- **What you need to do**
All entries must come back exactly as given, with no pictures in the copy.

Free-text object descriptions:

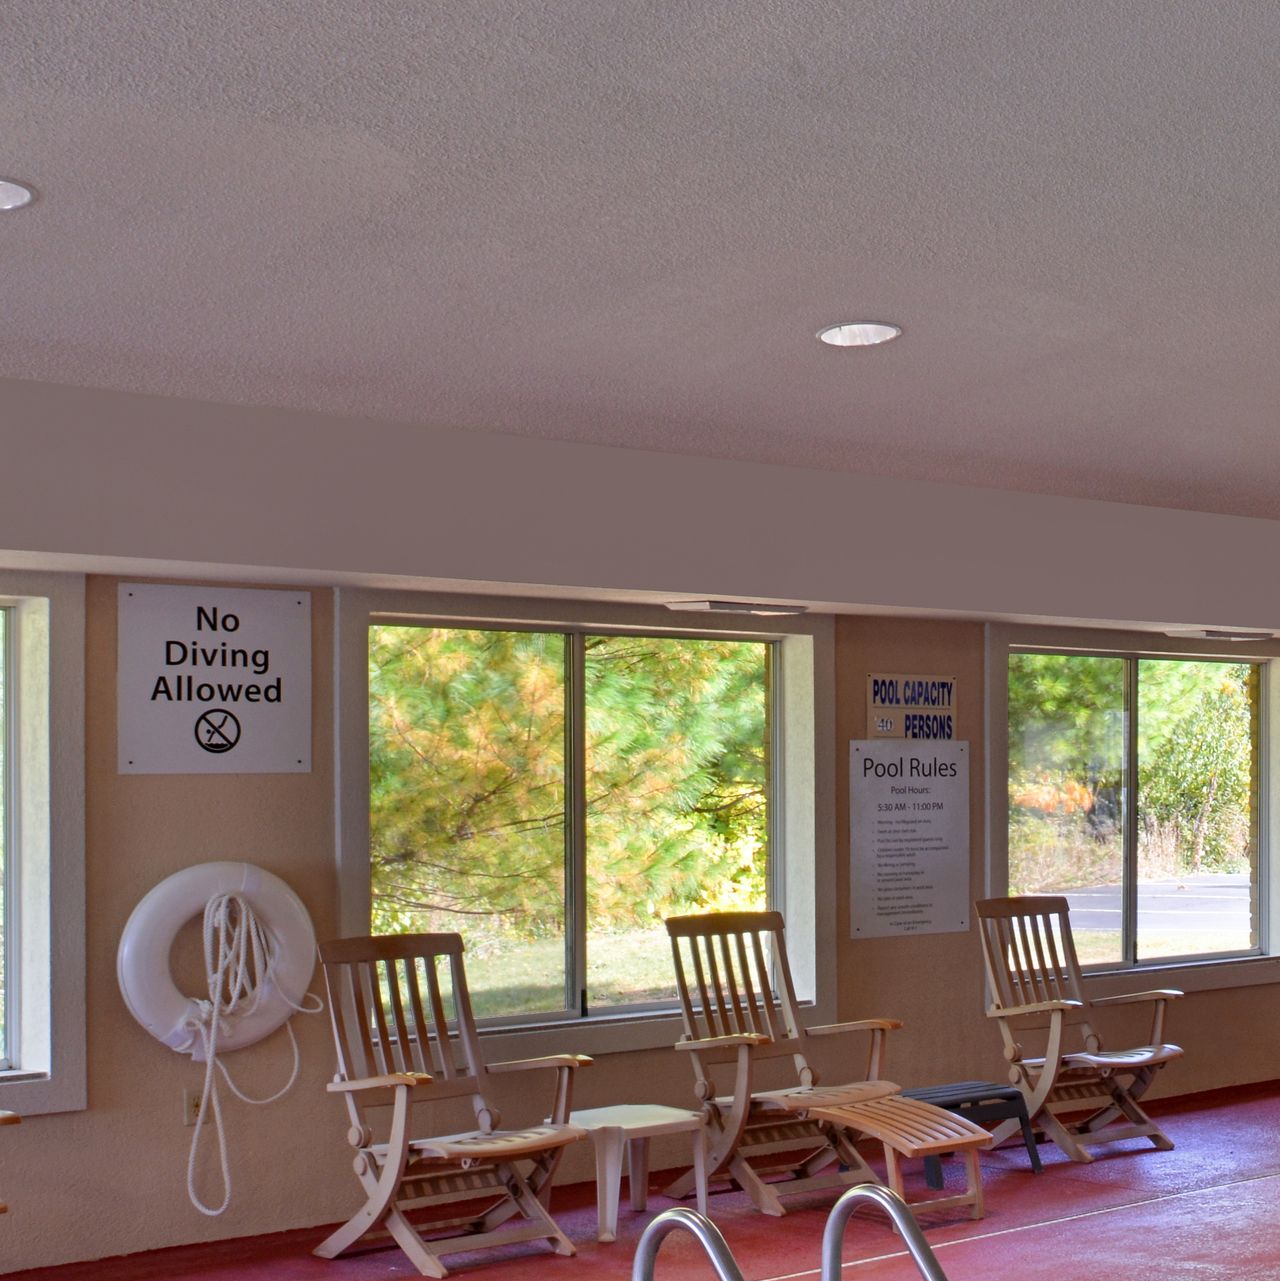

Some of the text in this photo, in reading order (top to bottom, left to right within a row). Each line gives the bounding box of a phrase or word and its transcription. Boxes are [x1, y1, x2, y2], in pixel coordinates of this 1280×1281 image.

[196, 606, 240, 633] No
[164, 640, 270, 675] Diving
[150, 675, 282, 703] Allowed
[872, 678, 954, 707] POOL CAPACITY
[877, 714, 953, 740] 40 PERSONS
[863, 756, 958, 778] Pool Rules
[890, 785, 907, 796] Pool
[877, 803, 894, 812] 5:30
[894, 802, 907, 812] AM
[912, 802, 930, 811] 11:00
[930, 802, 944, 811] PM
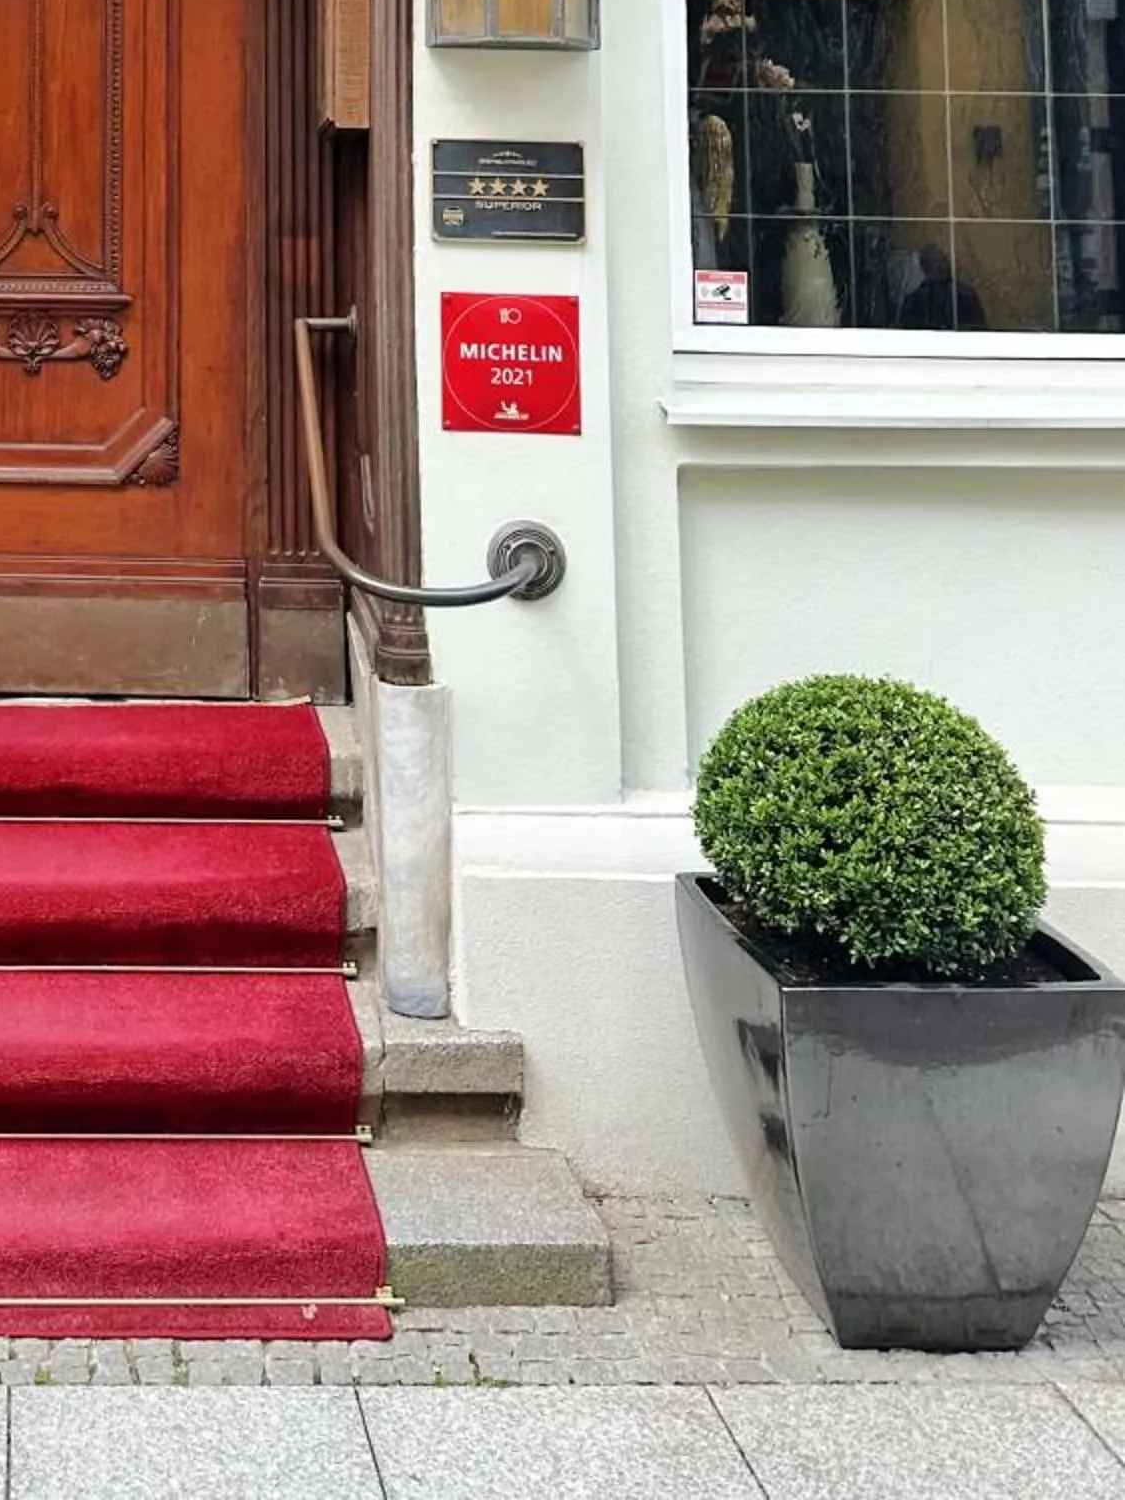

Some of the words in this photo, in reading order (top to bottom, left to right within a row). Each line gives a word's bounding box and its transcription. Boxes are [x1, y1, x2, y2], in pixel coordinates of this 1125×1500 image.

[474, 201, 543, 211] SUPERIOR
[460, 343, 563, 362] MICHELIN
[490, 367, 533, 385] 2021
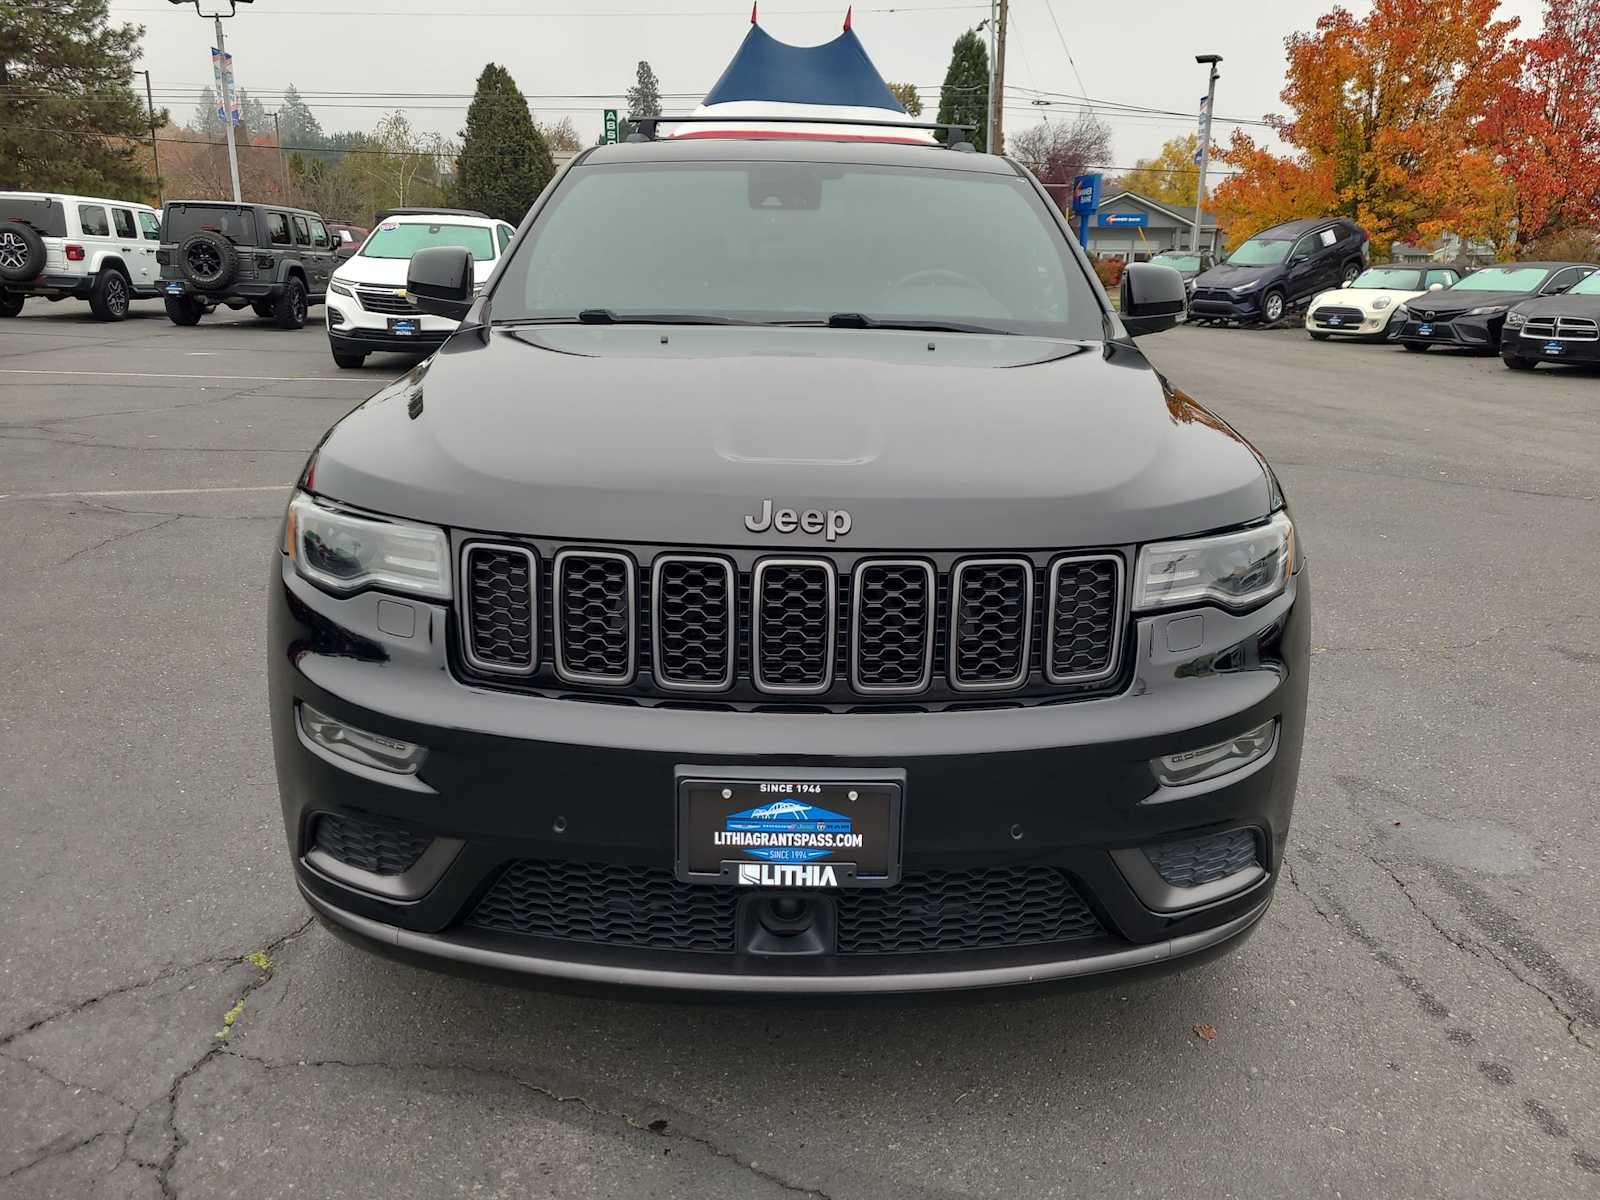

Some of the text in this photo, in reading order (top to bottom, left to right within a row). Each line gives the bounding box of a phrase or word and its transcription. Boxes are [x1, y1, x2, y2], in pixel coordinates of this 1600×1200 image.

[744, 499, 852, 542] Jeep
[760, 784, 822, 793] SINCE 1946
[714, 832, 863, 847] LITHIAGRANTSPASS.COM
[769, 850, 790, 860] SINCE
[761, 864, 838, 887] LITHIA

- **Finished task**
Some of the text in this photo, in reading order (top to bottom, left to right within a row). Each line gives the bounding box of a phrase or word and its transcription. Boxes are [x1, y1, x2, y2], in pixel coordinates of this 1280×1281 image.

[196, 606, 240, 633] No
[164, 640, 270, 675] Diving
[150, 675, 282, 703] Allowed
[872, 678, 954, 707] POOL CAPACITY
[877, 714, 953, 740] 40 PERSONS
[863, 756, 958, 778] Pool Rules
[890, 785, 907, 796] Pool
[877, 803, 894, 812] 5:30
[894, 802, 907, 812] AM
[912, 802, 930, 811] 11:00
[930, 802, 944, 811] PM

Some of the words in this photo, in reading order (top to bottom, left to right within a row). Each line gives a word's bounding box and its transcription. Boxes are [x1, y1, x2, y2], in pixel coordinates of this 1125×1500 image.

[474, 201, 543, 211] SUPERIOR
[460, 343, 563, 362] MICHELIN
[490, 367, 533, 385] 2021

Some of the text in this photo, in reading order (top to bottom, left to right within a row). Each line gives the bounding box of a phrase or word and its transcription. Boxes are [x1, y1, x2, y2], in pixel coordinates of this 1600×1200 image.

[744, 499, 852, 542] Jeep
[760, 784, 822, 793] SINCE 1946
[714, 832, 863, 847] LITHIAGRANTSPASS.COM
[769, 850, 790, 860] SINCE
[761, 864, 838, 887] LITHIA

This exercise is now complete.